Opinión

Actividad física en los adultos mayores

Por: Diario Concepción | 08 de Octubre 2018
Fotografía: Cedida

Mauricio Sotomayor Castro
Académico Nutrición y Dietética Ucsc

Según los resultados publicados en la última “Encuesta calidad de vida en la vejez (2017)”, cerca de la mitad de los adultos no realizó nunca, o casi nunca actividad física, durante el transcurso del año 2016.

A este indicador, también podemos agregar diferencias educacionales, puesto que quienes poseen mayor nivel educacional realizan mayor actividad física, y esto también se da en el ámbito de los varones por sobre las mujeres. Estos resultados concuerdan con los datos proporcionados por la encuesta nacional de salud (Ministerio de Salud 2017), que indica que el sedentarismo, en las personas mayores de 65 años, alcanza cifras que llegan a un 94%.

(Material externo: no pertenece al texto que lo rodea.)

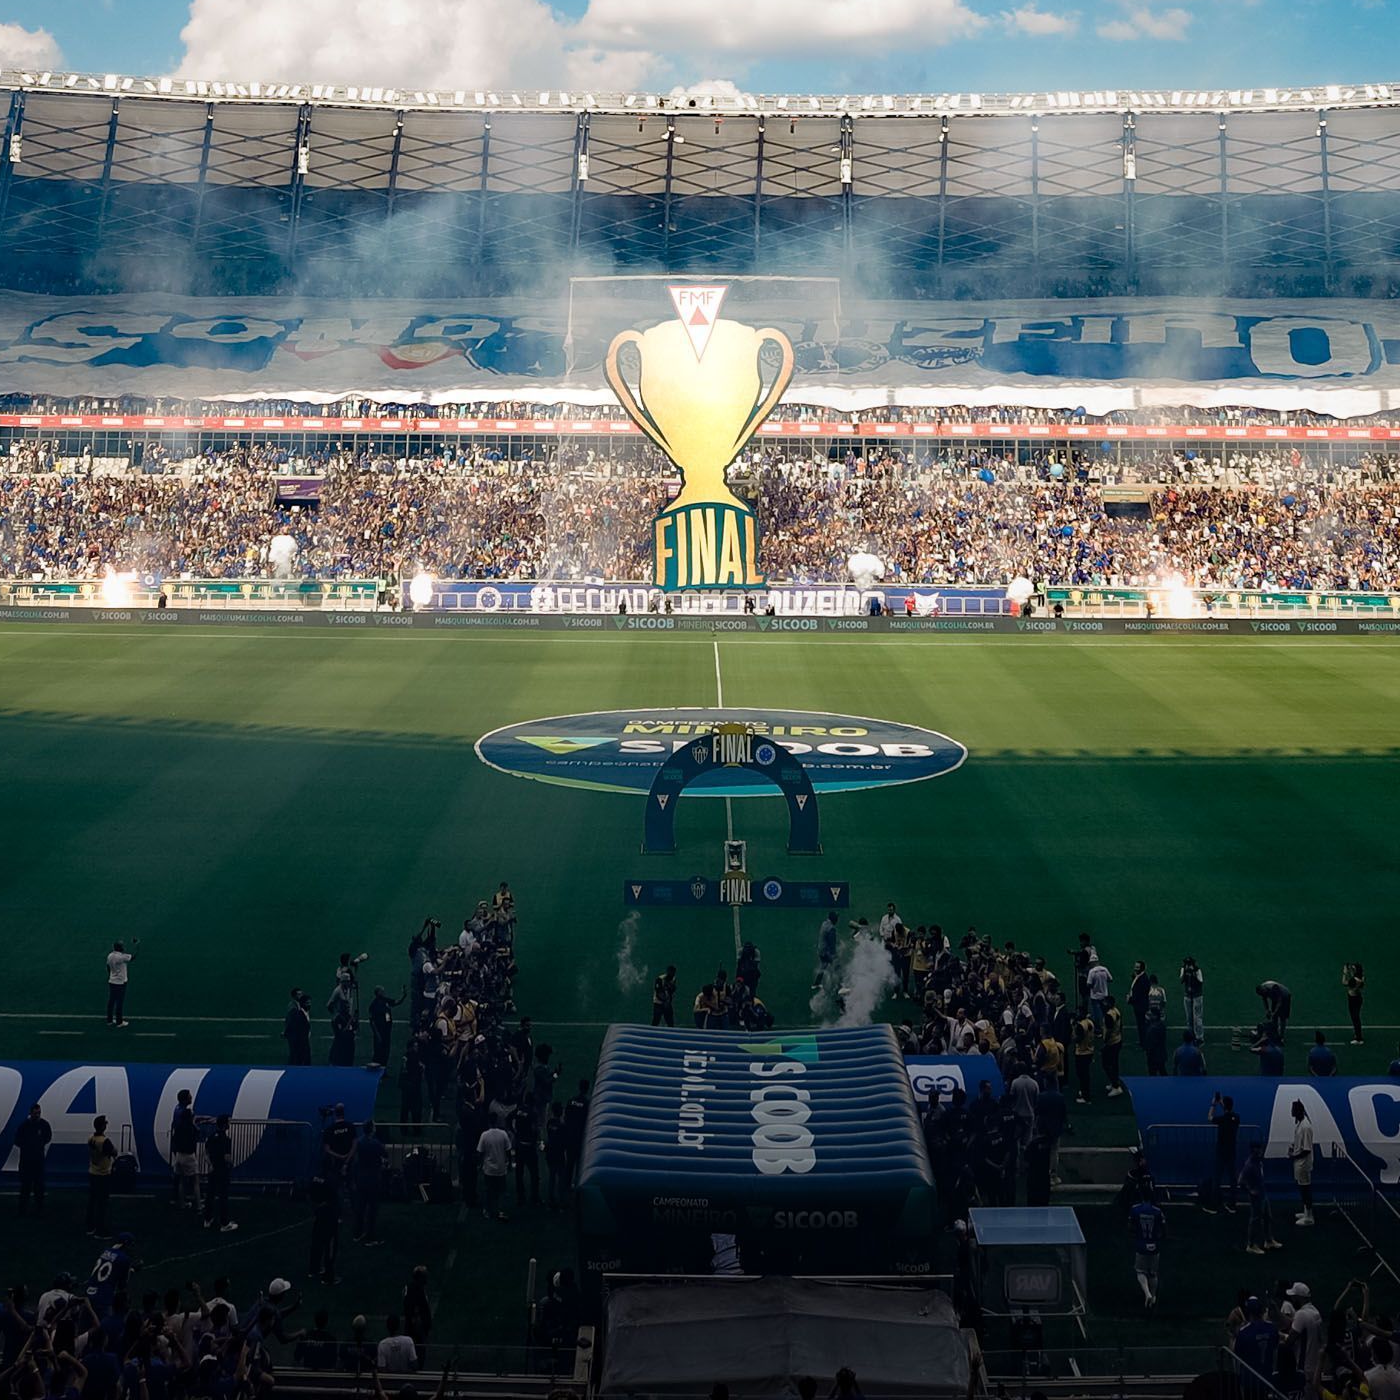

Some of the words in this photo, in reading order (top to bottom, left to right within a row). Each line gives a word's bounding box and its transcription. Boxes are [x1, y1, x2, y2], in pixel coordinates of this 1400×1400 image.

[678, 290, 716, 306] FMF
[654, 507, 765, 587] FINAL
[100, 611, 131, 621] SICOOB
[147, 612, 178, 621] SICOOB
[335, 614, 367, 624] SICOOB
[382, 615, 413, 625] SICOOB
[571, 618, 602, 628] SICOOB
[627, 618, 675, 630] SICOOB
[715, 620, 747, 630] SICOOB
[771, 619, 818, 631] SICOOB
[837, 620, 868, 630] SICOOB
[1025, 621, 1056, 630] SICOOB
[1072, 622, 1103, 631] SICOOB
[1260, 622, 1291, 631] SICOOB
[1306, 622, 1337, 631] SICOOB
[712, 734, 754, 763] FINAL
[720, 879, 753, 903] FINAL
[652, 1197, 709, 1208] CAMPEONATO
[653, 1208, 737, 1227] MINEIRO
[773, 1210, 859, 1230] SICOOB

La información consignada no hace más que evidenciar una condición que para las personas mayores podría tener consecuencias incluso en su estado de funcionalidad, salud, vitalidad. La “fragilidad” es un término utilizado en el ámbito médico, que se define como “un síndrome médico con múltiples causas y factores que contribuyen a su desarrollo, caracterizado por la disminución de la fuerza, resistencia y funciones fisiológicas reducidas que aumentan la vulnerabilidad de un individuo en el desarrollo de la dependencia funcional y/o su muerte”.

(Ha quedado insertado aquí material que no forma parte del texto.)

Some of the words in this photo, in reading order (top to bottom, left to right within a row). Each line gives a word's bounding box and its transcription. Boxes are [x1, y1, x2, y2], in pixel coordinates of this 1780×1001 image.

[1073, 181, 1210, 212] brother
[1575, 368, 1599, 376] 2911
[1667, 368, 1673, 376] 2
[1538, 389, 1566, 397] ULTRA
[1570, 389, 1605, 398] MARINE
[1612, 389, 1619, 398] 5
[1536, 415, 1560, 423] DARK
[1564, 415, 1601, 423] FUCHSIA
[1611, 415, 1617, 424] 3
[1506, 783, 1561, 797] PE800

Un factor importante que contribuye en el desarrollo de la fragilidad en adultos mayores es la pérdida de musculatura (sarcopenia), asociada a causas intrínsecas del envejecimiento.

Por esta razón es que la actividad física en los adultos mayores, aparte de beneficios orgánicos – funcionales, recreativos, mejora de la autoestima, salud mental y controlar los niveles de estrés- puede ser un factor importante en la prevención de pérdida de masa muscular y con esto contribuir a disminuir el riesgo de fragilidad, que es un síndrome que a la larga puede tener graves consecuencias, entre las que se cuentan caídas, discapacidad, dependencia y hasta la muerte.

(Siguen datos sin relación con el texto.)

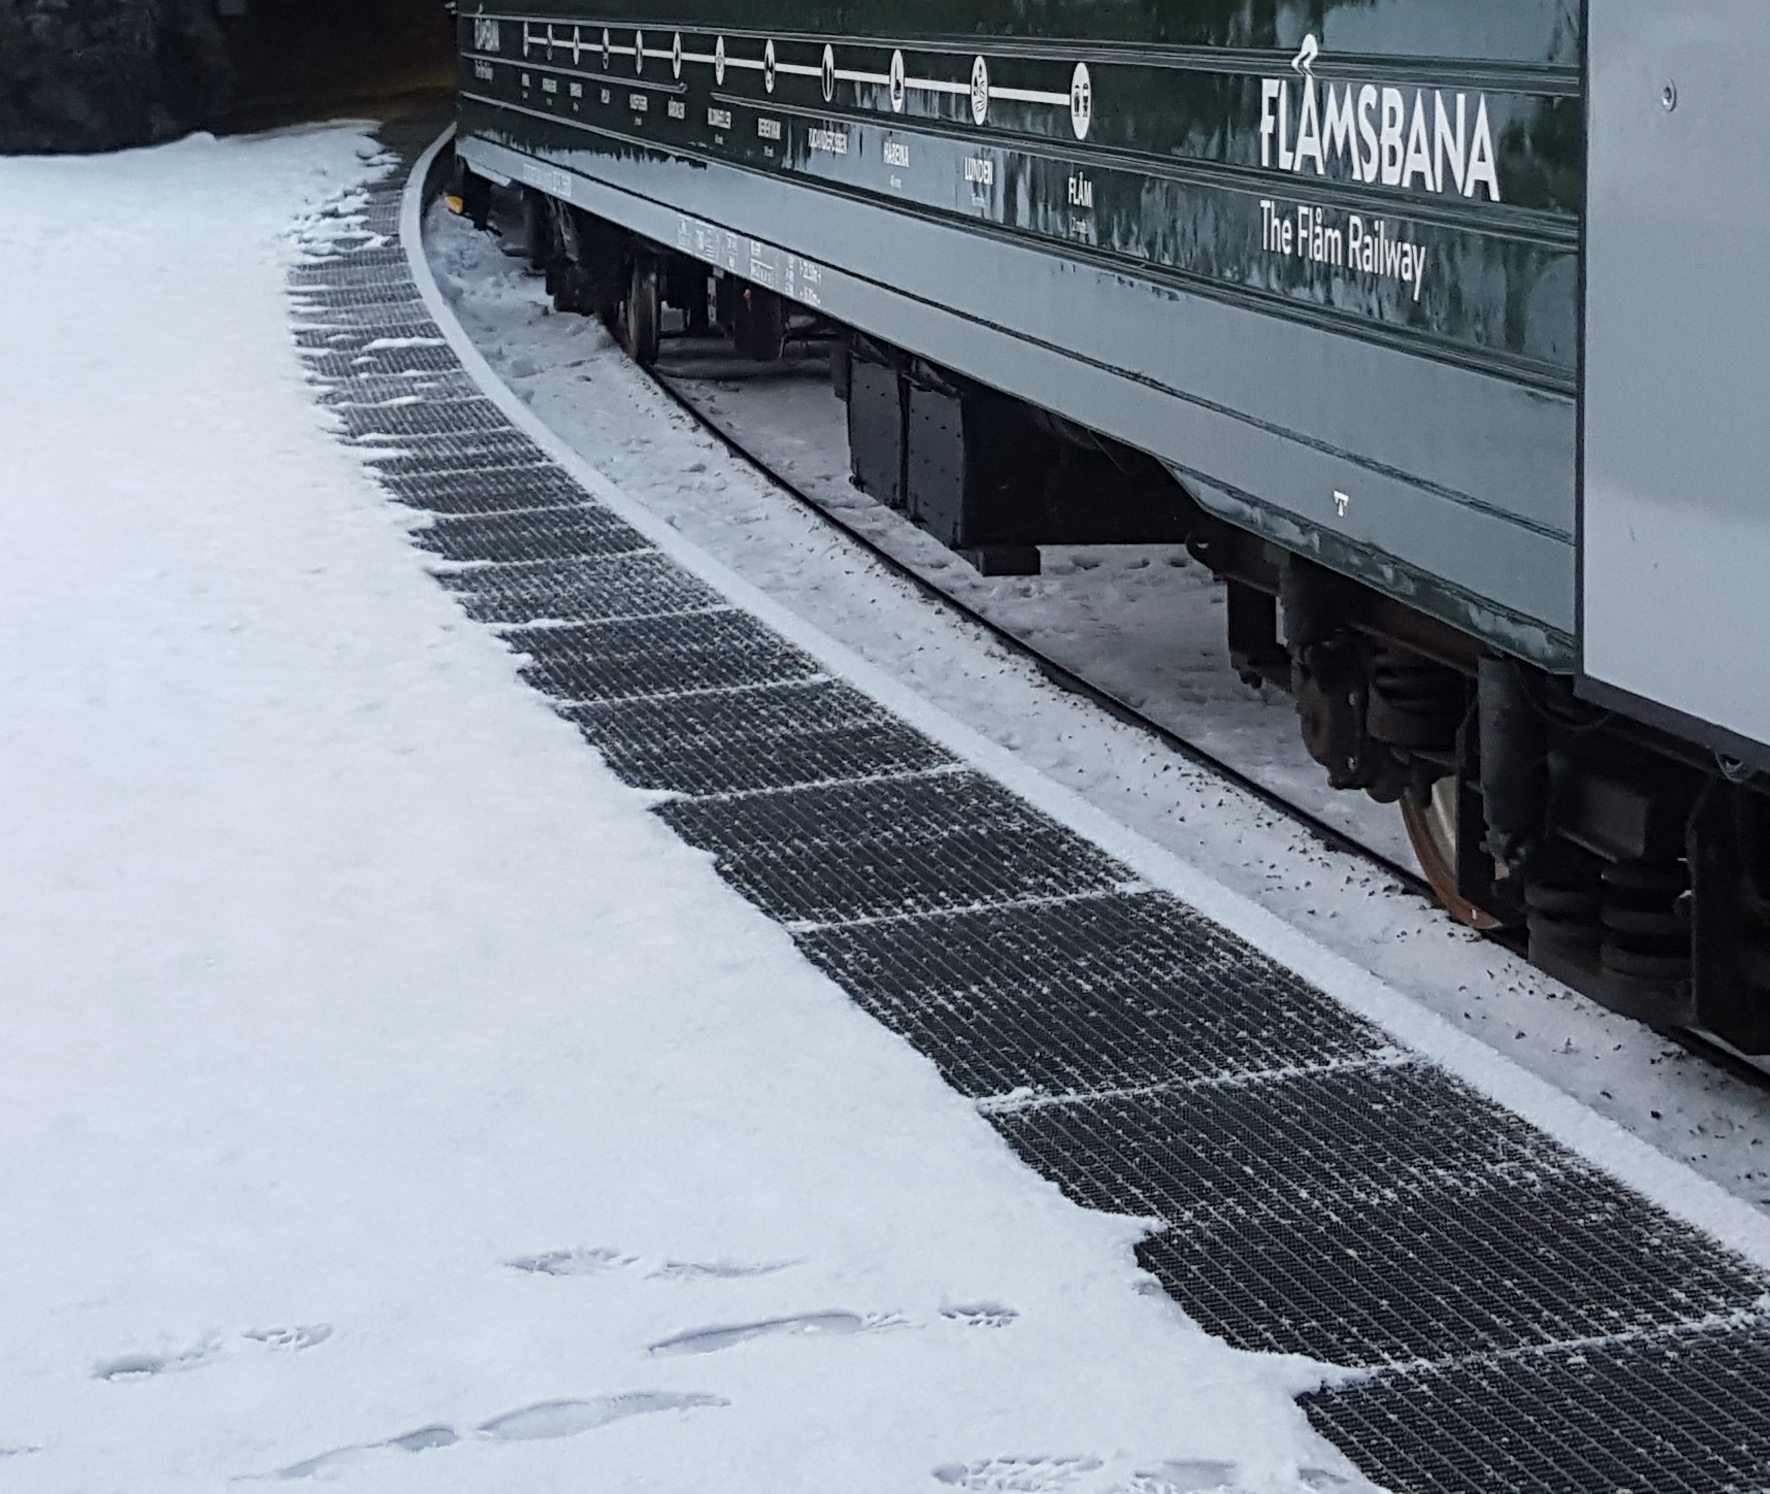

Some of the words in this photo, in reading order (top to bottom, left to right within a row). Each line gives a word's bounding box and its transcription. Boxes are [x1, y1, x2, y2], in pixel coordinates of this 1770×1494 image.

[1259, 68, 1500, 202] FLÅMSBANA
[964, 156, 993, 185] LUNDEN
[1068, 171, 1093, 208] FLÅM
[1260, 200, 1292, 255] The
[1297, 207, 1342, 267] Flåm
[1348, 216, 1426, 301] Railway

Un ejemplo de la necesidad del ejercicio durante la vejez es lo experimentado en 2017 en la Ucsc, donde investigamos precisamente el nivel de masa muscular en adultas mayores de una comuna del Gran Concepción.

Estas personas realizaban actividad física periódicamente. Los ejercicios (adaptados para las adultas mayores) eran guiados por un profesor de Educación Física y el promedio de edad de las adultas mayores resultó ser de 78 años. En cuanto a la masa muscular, se encontró que el 58% de ellas tenía un índice adecuado para la edad, mientras que el 44% restante tenía incluso una mayor masa muscular para su edad. El dato a destacar es que aquellas adultas mayores más longevas (mayores de 80 años), eran las que poseían mayor masa muscular. Estaban en muy buenas condiciones.

Este estudio fue un mínimo acercamiento de los beneficios que tiene la actividad física en la musculatura de mujeres mayores de 65 años y nos entregó una gran motivación. Fuimos testigos de su entusiasmo en las sesiones de actividad física, eran completamente autovalentes. Una experiencia que permite entender la real importancia de practicar ejercicios y mantener una nutrición adecuada que repercutirá en verlas independientes y felices.